WORK INSTRUCTION:
What is needed is an exact copy of all the entries below.

# # # # #

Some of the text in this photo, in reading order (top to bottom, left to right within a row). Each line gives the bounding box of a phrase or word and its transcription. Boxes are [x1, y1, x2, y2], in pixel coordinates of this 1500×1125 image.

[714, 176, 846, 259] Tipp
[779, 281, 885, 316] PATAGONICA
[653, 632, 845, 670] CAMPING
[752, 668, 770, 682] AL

# # # # #

ANSWER SPACE:
Some of the text in this photo, in reading order (top to bottom, left to right within a row). Each line gives the bounding box of a phrase or word and its transcription. Boxes are [x1, y1, x2, y2], in pixel coordinates of this 1500×1125 image.

[714, 176, 846, 259] Tipp
[779, 281, 885, 316] PATAGONICA
[653, 632, 845, 670] CAMPING
[752, 668, 770, 682] AL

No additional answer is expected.